第22話

 隣の部屋の扉を開ける前に、もう一度小さく深呼吸をして意を決すると中へと入る。

 扉を開けても、例の男……吉川は上を向いたままこちらを見向きもしていなかったが、扉を閉めた時の開閉音でそのギョロ目がじろりとこっちに動いた。その目が俺の満身を捉えると男はニヤリと口元を緩めて声を発する。

「よぉ、待っていたぜぇ」

 初めて対峙した時と何一つ変わらぬ冷たい声が向けられ、無意識に身構えてしまう。しかし、俺のその様子を見た吉川は向かい側の椅子を顎で指すと言った。

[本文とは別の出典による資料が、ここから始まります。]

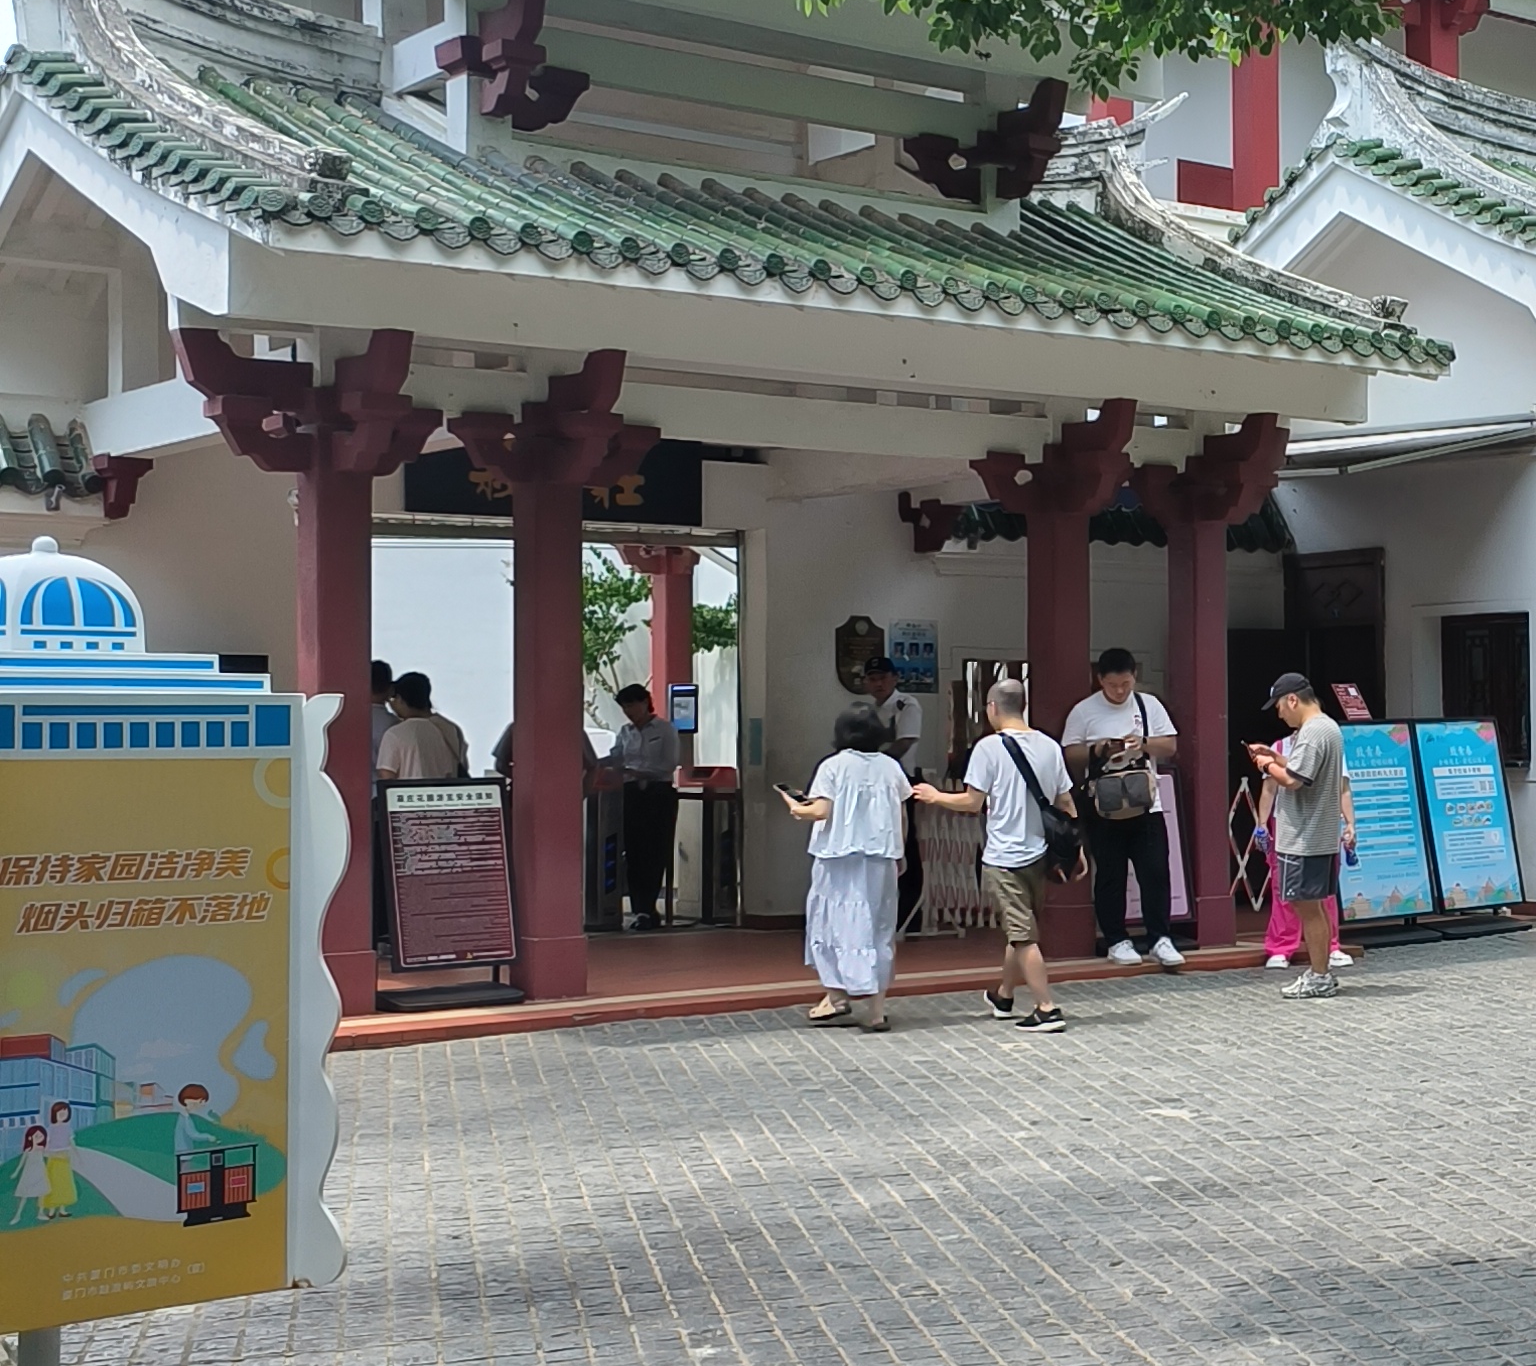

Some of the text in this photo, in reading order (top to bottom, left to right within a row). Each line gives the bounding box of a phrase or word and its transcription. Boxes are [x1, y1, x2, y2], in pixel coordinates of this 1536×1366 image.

[0, 847, 251, 887] 保持家园洁净美
[16, 891, 272, 935] 烟头归箱不落地
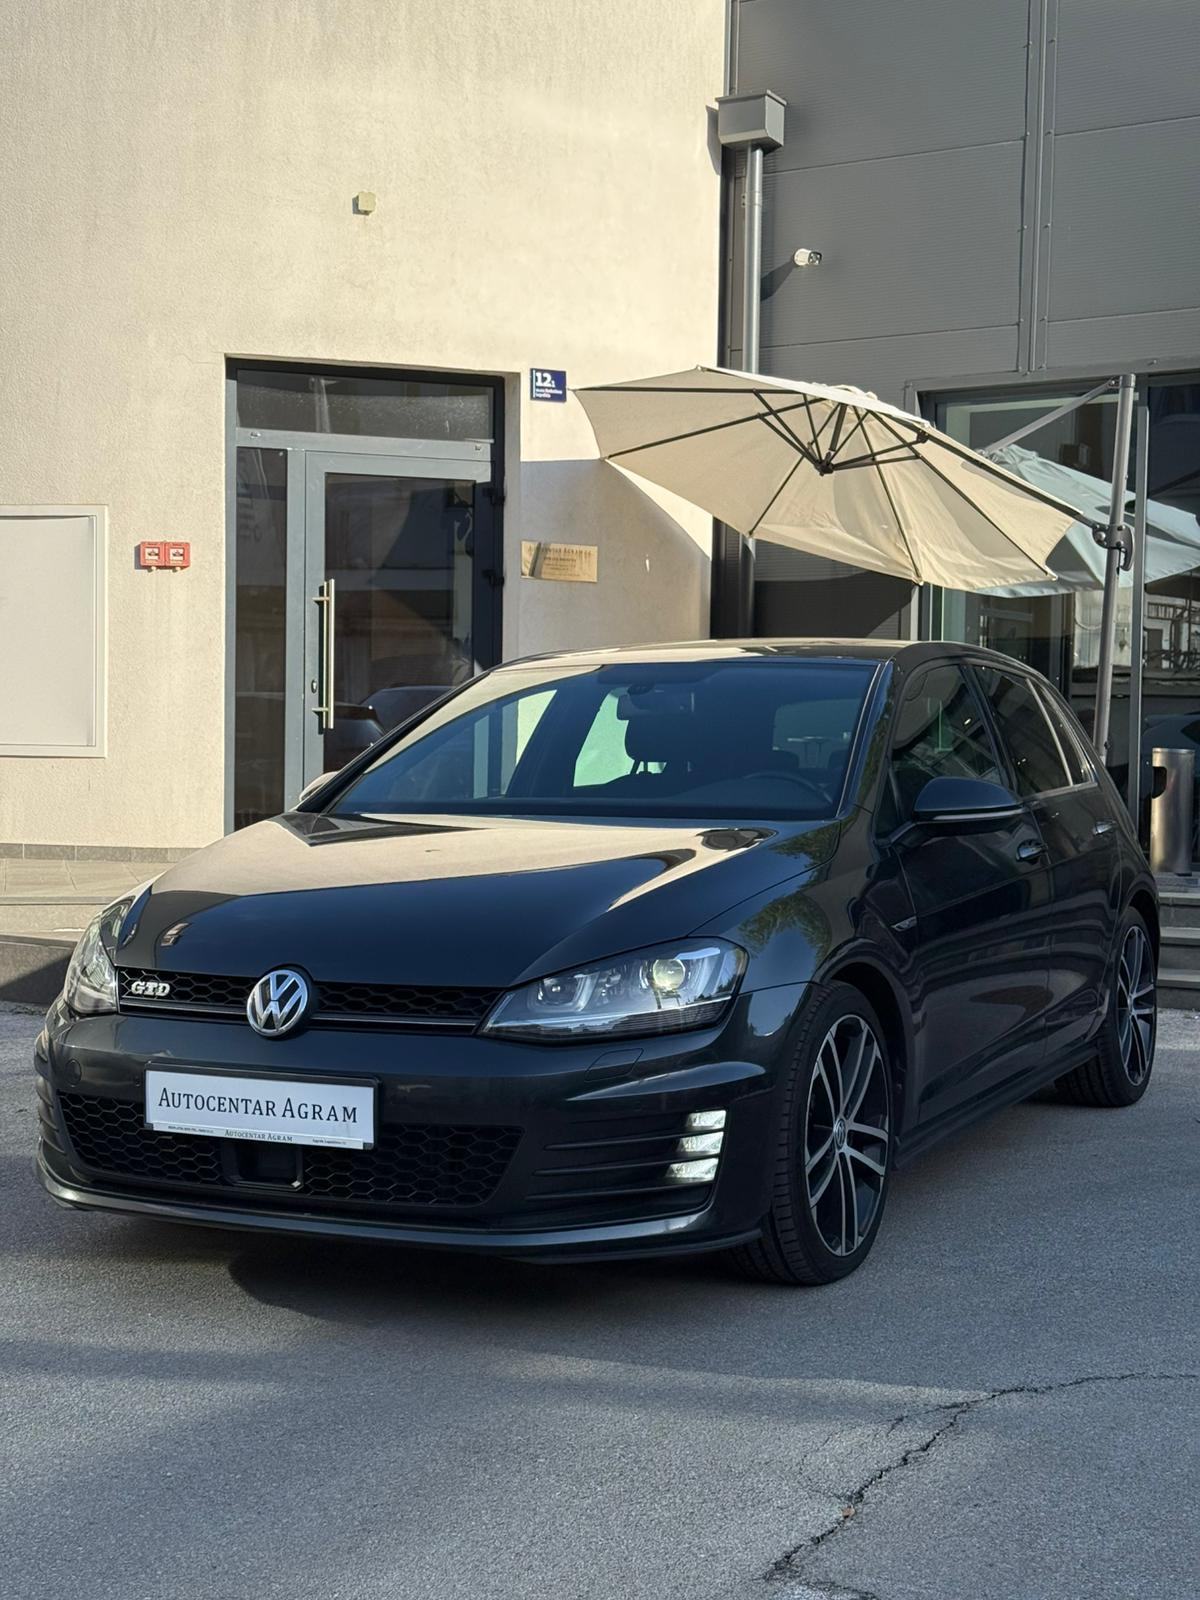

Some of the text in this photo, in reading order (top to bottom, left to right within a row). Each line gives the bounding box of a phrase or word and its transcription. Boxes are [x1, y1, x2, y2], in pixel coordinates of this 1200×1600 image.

[131, 980, 171, 997] GTD
[247, 969, 308, 1037] VW
[158, 1087, 358, 1124] AUTOCENTAR AGRAM
[224, 1129, 266, 1140] AUTOCENTAR
[267, 1133, 293, 1142] AGRAM

「まぁ、そんなに身構えるなよ。取り敢えずそこに座れ、速見」

 俺は言われた通り、椅子を引いて席に座りながらも言葉を返した。

「お前に名乗った覚えはないが何故名前を知っている?」

 すると、男は身を乗り出し、顔を俺に近づけて言った。

「あまり俺を舐めるなよ? あの女がお前の名前を口にしていただろうが。まぁ、殺す相手の名前なんて覚える気は無かったが、お前は俺が初めて殺害に失敗した男だ。それは驚嘆に値すると言っていい」

 あの女というのは恐らくユナのことだろう。記憶を辿ると確かにこいつの前でユナは俺の名前を呼んでいた気がする。手錠のお陰で今は前みたいに襲撃されることはないだろうが、こいつのギョロ目を間近で見ると、何とも言えない迫力があった。俺は動揺を悟られぬようこの男の目を睨み返して言う。

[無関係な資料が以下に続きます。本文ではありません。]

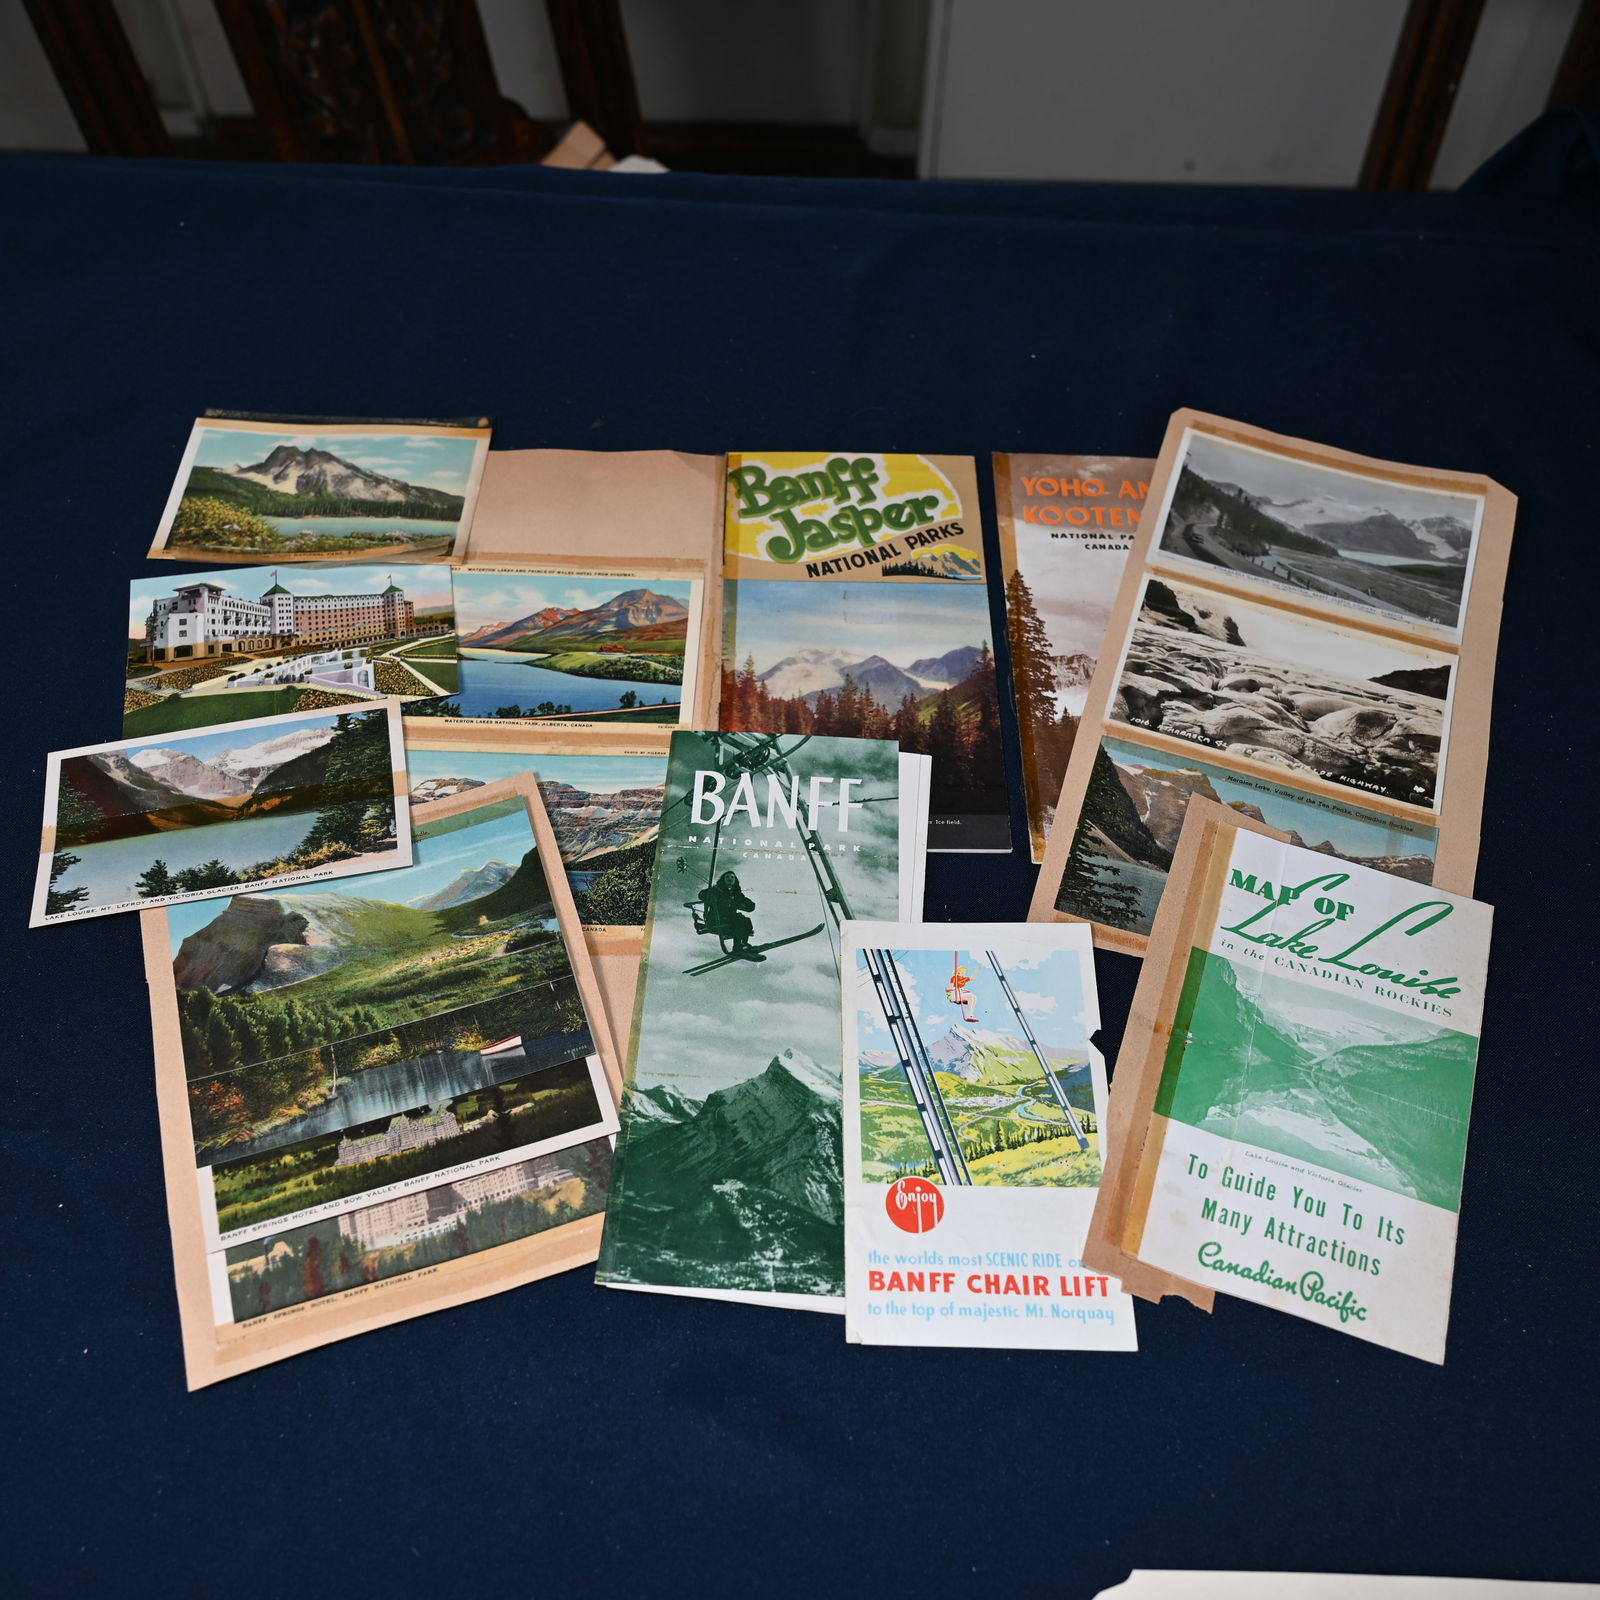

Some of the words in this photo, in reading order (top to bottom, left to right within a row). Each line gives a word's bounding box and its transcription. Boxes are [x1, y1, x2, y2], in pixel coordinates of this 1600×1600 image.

[728, 457, 879, 518] Banff
[1020, 476, 1105, 497] YOHO
[1118, 479, 1150, 499] AN
[766, 495, 940, 564] Jasper
[1023, 505, 1142, 527] KOOTEN
[805, 543, 902, 578] NATIONAL
[904, 522, 964, 550] PARKS
[1084, 543, 1130, 551] CANADA
[690, 770, 864, 833] BANFF
[1227, 775, 1253, 786] Moraine
[1254, 782, 1272, 793] Lake,
[1274, 788, 1295, 800] Valley
[1306, 797, 1317, 805] the
[1318, 800, 1330, 809] Ten
[1332, 804, 1353, 816] Peaks,
[1355, 811, 1387, 826] Canadian
[1388, 821, 1414, 832] Rockies
[688, 835, 796, 849] NATIONAL
[808, 842, 862, 852] PARK
[743, 852, 807, 861] CANADA
[44, 913, 65, 921] LAKE
[67, 907, 98, 918] LOUISE,
[116, 900, 146, 910] LEFROY
[168, 890, 204, 901] VICTORIA
[244, 880, 270, 888] BANFF
[272, 874, 310, 885] NATIONAL
[313, 870, 334, 878] PARK
[1229, 868, 1300, 905] MAP
[1313, 897, 1355, 921] OF
[1318, 901, 1461, 999] Louise
[1221, 938, 1234, 950] in
[1243, 947, 1266, 961] the
[1274, 956, 1365, 989] CANADIAN
[1374, 985, 1453, 1017] ROCKIES
[220, 1229, 249, 1241] BANFF
[252, 1217, 289, 1232] SPRINGS
[292, 1208, 319, 1221] HOTEL
[322, 1201, 341, 1211] AND
[343, 1195, 363, 1205] BOW
[403, 1175, 431, 1188] BANFF
[434, 1163, 476, 1180] NATIONAL
[479, 1155, 501, 1167] PARK
[1245, 1150, 1262, 1160] Lake
[1265, 1156, 1288, 1168] Louise
[1290, 1165, 1305, 1173] and
[1307, 1169, 1335, 1184] Victoria
[1337, 1180, 1363, 1193] Glacier
[895, 1180, 937, 1233] Enjoy
[1187, 1153, 1209, 1180] To
[1221, 1165, 1277, 1201] Guide
[1293, 1186, 1326, 1218] You
[1342, 1203, 1363, 1231] To
[1377, 1216, 1405, 1246] Its
[867, 1250, 890, 1265] the
[948, 1254, 983, 1267] most
[986, 1252, 1029, 1267] SCENIC
[1032, 1253, 1062, 1268] RIDE
[1201, 1197, 1253, 1236] Many
[1264, 1217, 1381, 1276] Attractions
[242, 1317, 268, 1328] BANFF
[273, 1307, 305, 1320] SPRINGS
[343, 1287, 369, 1299] BANFF
[374, 1275, 413, 1289] NATIONAL
[418, 1267, 439, 1278] PARK
[868, 1270, 956, 1293] BANFF
[966, 1273, 1051, 1296] CHAIR
[1059, 1275, 1109, 1297] LIFT
[1197, 1241, 1297, 1295] Canadian
[1299, 1270, 1367, 1323] Pacific
[868, 1303, 882, 1315] to
[885, 1301, 907, 1316] the
[911, 1303, 935, 1321] top
[940, 1301, 955, 1317] of
[958, 1303, 1019, 1322] majestic
[1025, 1304, 1047, 1319] Mt.
[1051, 1303, 1115, 1326] Norquay

「あんたの戯言を聞くほど、俺は暇じゃないんだ。何故俺をここに呼んだ? あんたはブラッディ・レベルについて何処まで知っている? あんたの知っていることを洗いざらい話してもらうぞ?」

 そう言うと、吉川は椅子に座り直し一度ため息を吐いて言った。

「ふぅ、そう急かすなよ。だが、いいだろう。順番に答えてやる。まず、お前を呼んだ理由だが、どうせ話すなら俺を屈服させた奴に話したいと思ったからだ。所謂、褒美リワードって奴だな」

 そこまで区切ると一息ついて、吉川は続けた。

「組織については……質問の幅が広すぎるなぁ。何が知りたい?」

 その問に対し、俺はユナに言われたことを振り返り慎重に答えた。

「組織のボスの名前についてと、あんたのアジトについて答えろ」

「ボスの名前は河原かわら靖史やすしだ。そいつの命令で俺達は行動している」

「かわら……やすし……」

 組織のボスにしては、ぱっとしない名前だった。だが、今は考えている余裕はない。俺は続けて吉川に尋ねた。

「それであんたらのアジトは何処にある?」

「あぁ、それについては答える気はない」

「なにっ!? 洗いざらい答えるんじゃなかったのか!?」

 吉川の拒否的な態度で、俺はつい声を荒げた。だが、奴はそんな俺の様子を見て、口角を緩めたまま話す。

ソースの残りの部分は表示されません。